CVAINov 18, 2025

Few-Shot Precise Event Spotting via Unified Multi-Entity Graph and Distillation

arXiv:2511.14186v12 citationsHas Code
Originality Incremental advance
AI Analysis

This addresses the challenge of recognizing fine-grained events in sports with limited labeled data, offering a scalable solution for sports analytics.

The paper tackles the problem of precise event spotting in sports analytics under few-shot conditions by proposing UMEG-Net, which integrates human skeletons and object keypoints into a unified graph and uses multimodal distillation, achieving robust performance and significantly outperforming baseline models.

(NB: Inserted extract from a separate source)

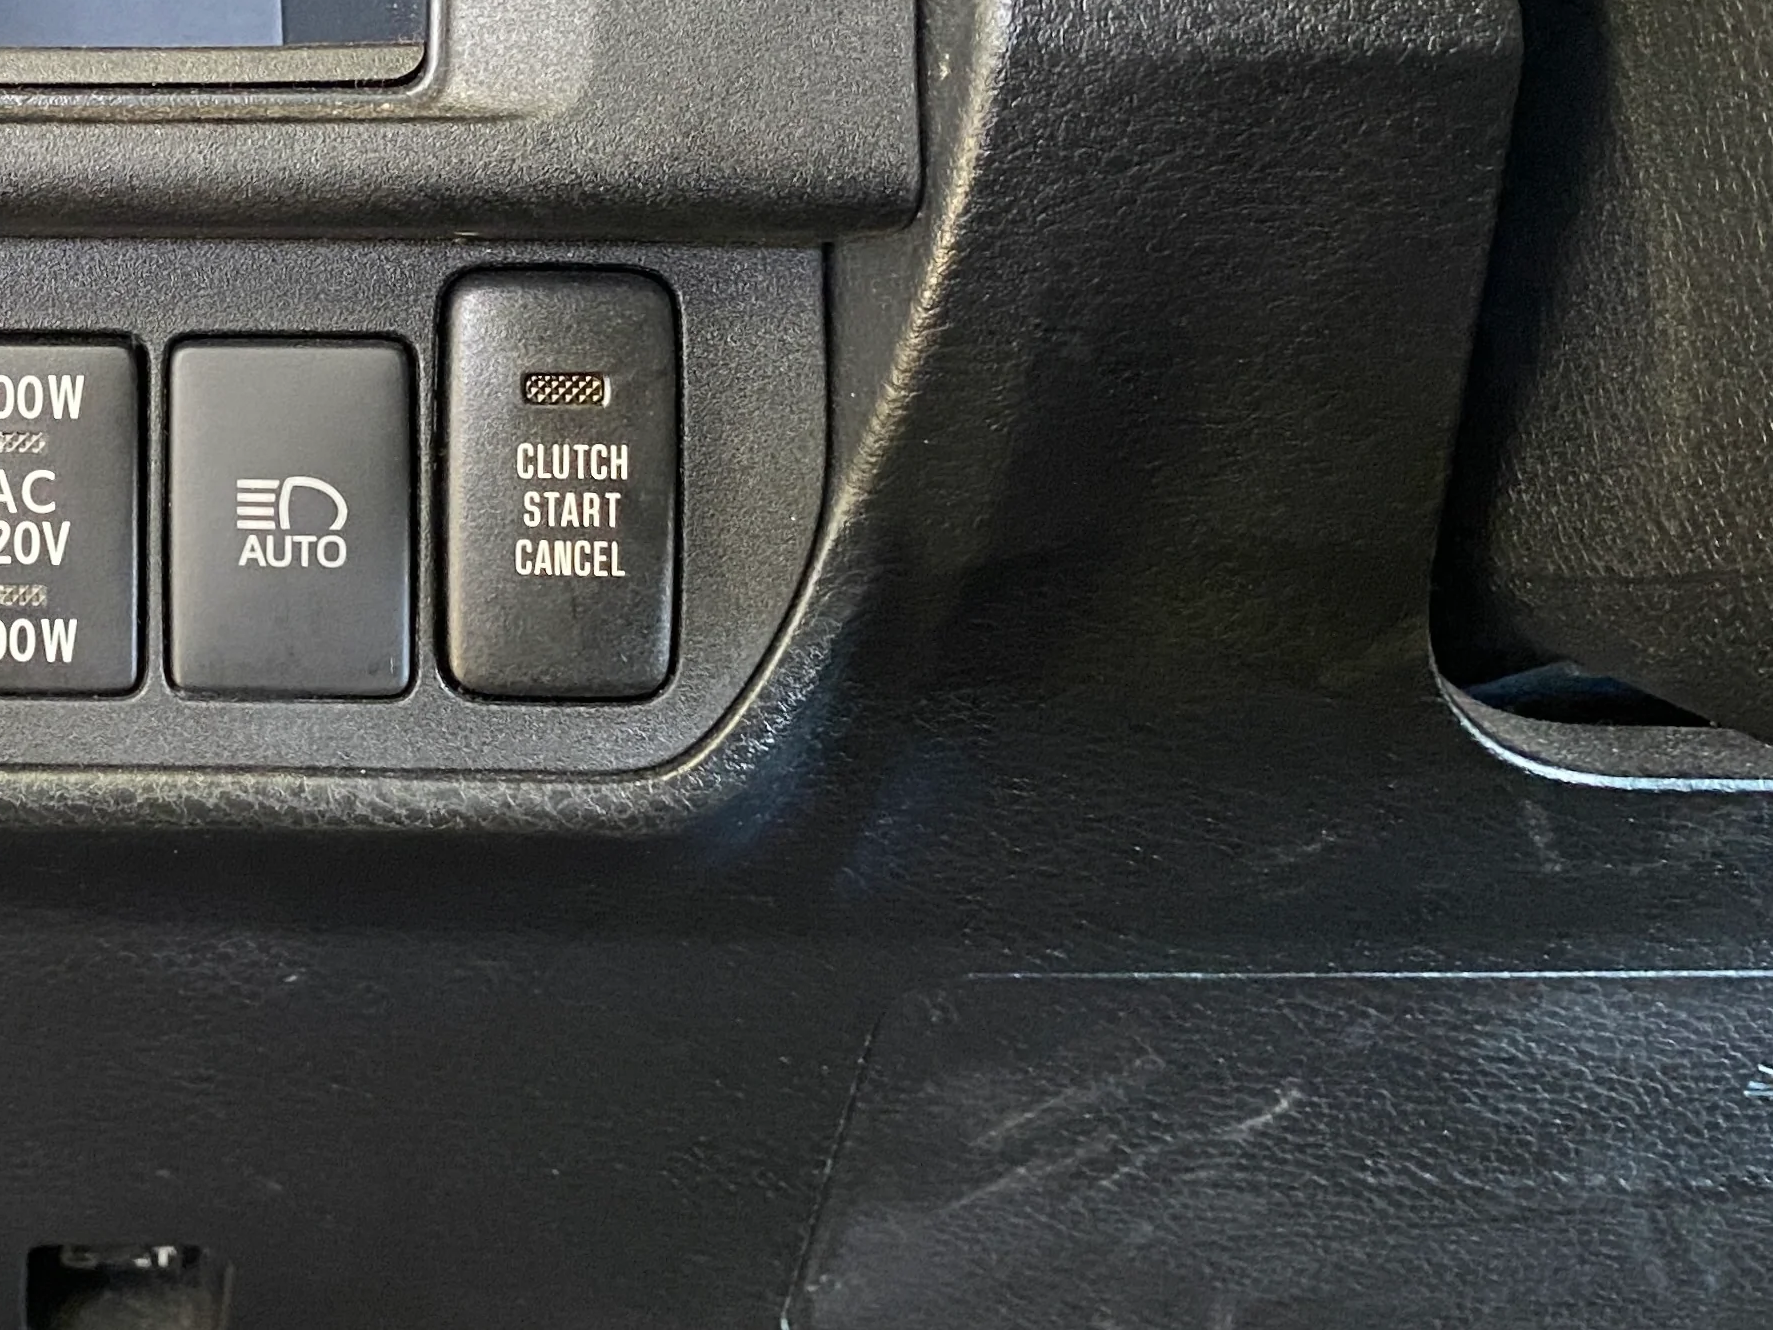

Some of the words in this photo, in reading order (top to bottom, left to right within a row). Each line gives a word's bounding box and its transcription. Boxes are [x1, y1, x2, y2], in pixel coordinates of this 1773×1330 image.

Precise event spotting (PES) aims to recognize fine-grained events at exact moments and has become a key component of sports analytics. This task is particularly challenging due to rapid succession, motion blur, and subtle visual differences. Consequently, most existing methods rely on domain-specific, end-to-end training with large labeled datasets and often struggle in few-shot conditions due to their dependence on pixel- or pose-based inputs alone. However, obtaining large labeled datasets is practically hard. We propose a Unified Multi-Entity Graph Network (UMEG-Net) for few-shot PES. UMEG-Net integrates human skeletons and sport-specific object keypoints into a unified graph and features an efficient spatio-temporal extraction module based on advanced GCN and multi-scale temporal shift. To further enhance performance, we employ multimodal distillation to transfer knowledge from keypoint-based graphs to visual representations. Our approach achieves robust performance with limited labeled data and significantly outperforms baseline models in few-shot settings, providing a scalable and effective solution for few-shot PES. Code is publicly available at https://github.com/LZYAndy/UMEG-Net.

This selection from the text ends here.